Segment Start: DATA

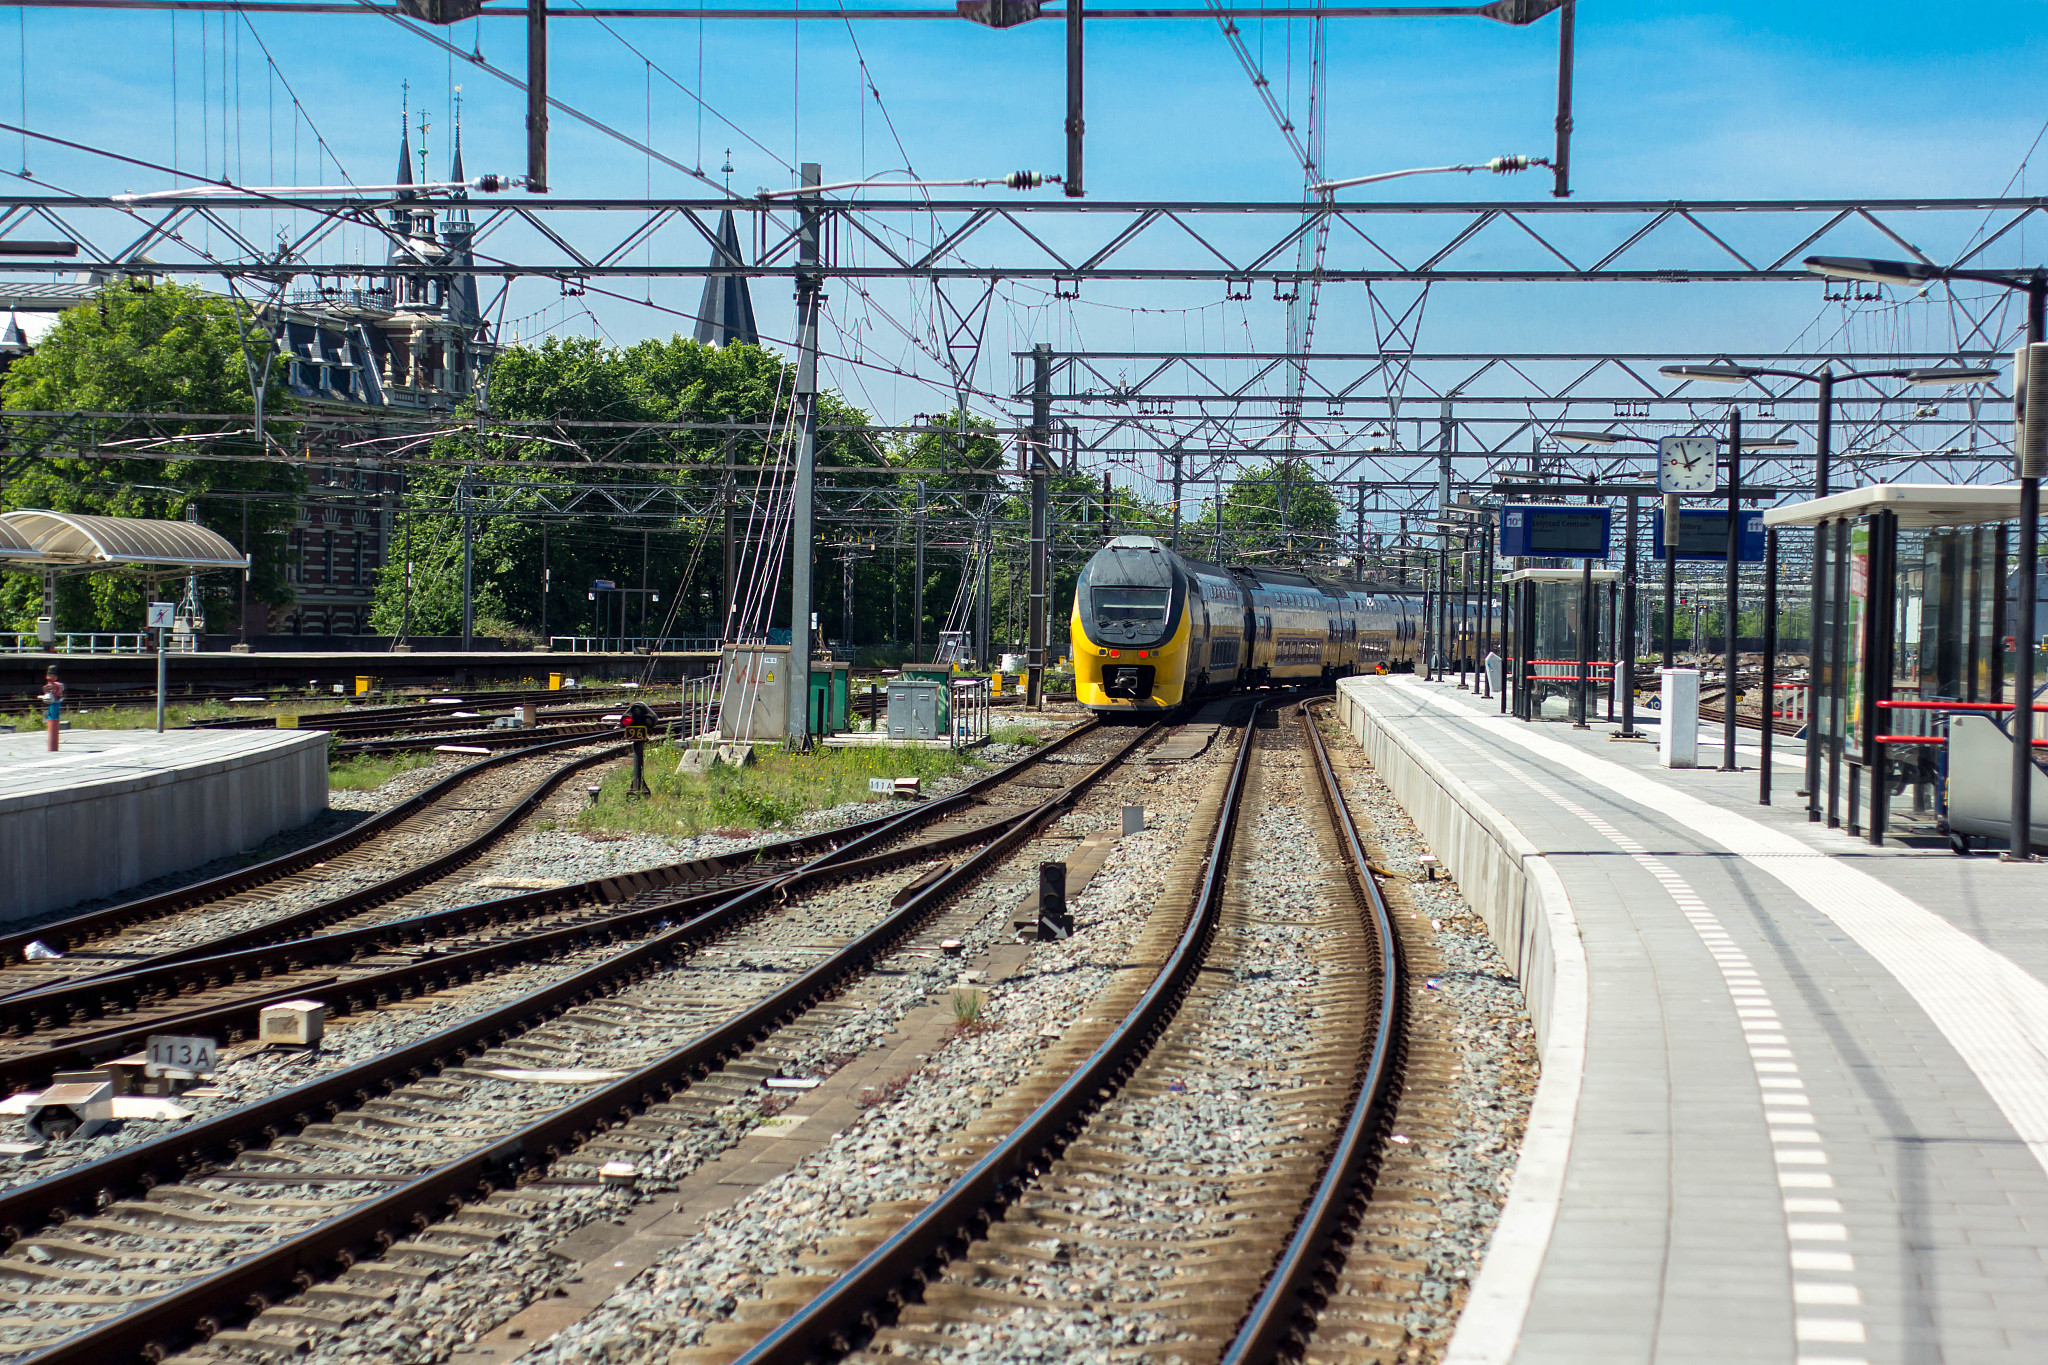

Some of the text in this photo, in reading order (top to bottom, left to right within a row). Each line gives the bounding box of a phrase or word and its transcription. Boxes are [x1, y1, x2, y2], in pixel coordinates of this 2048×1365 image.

[1532, 519, 1591, 528] Lelystad Centrum
[1650, 701, 1660, 710] 10
[629, 728, 643, 738] 96
[870, 781, 892, 791] 111A
[152, 1044, 210, 1067] 113A
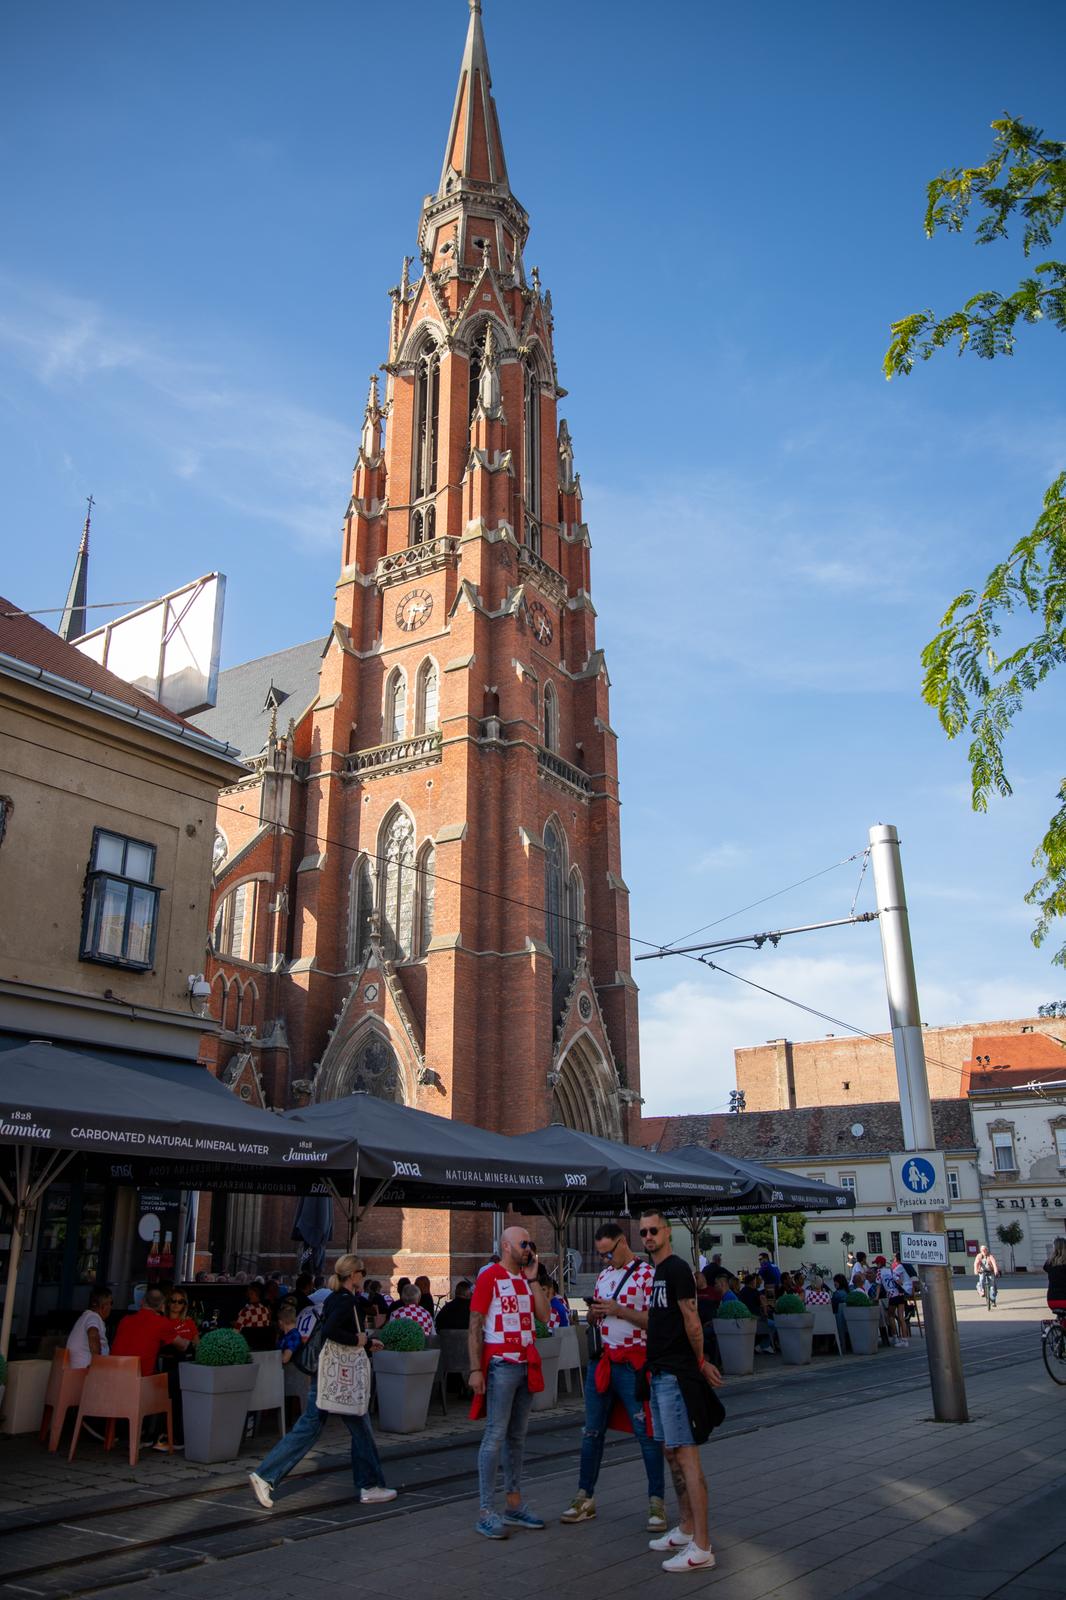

Segment End: DATA

→ **TASK DIRECTIONS**:
What the task needs is the material above repeated exactly, pictures excepted.

→ **YOUR SOLUTION**:
Some of the text in this photo, in reading order (top to bottom, left to right within a row). Each line gives the bounding box of a phrase or word and its transcription. Boxes are [x1, y1, x2, y2], in pixel coordinates of this 2048×1365 image.

[1532, 519, 1591, 528] Lelystad Centrum
[1650, 701, 1660, 710] 10
[629, 728, 643, 738] 96
[870, 781, 892, 791] 111A
[152, 1044, 210, 1067] 113A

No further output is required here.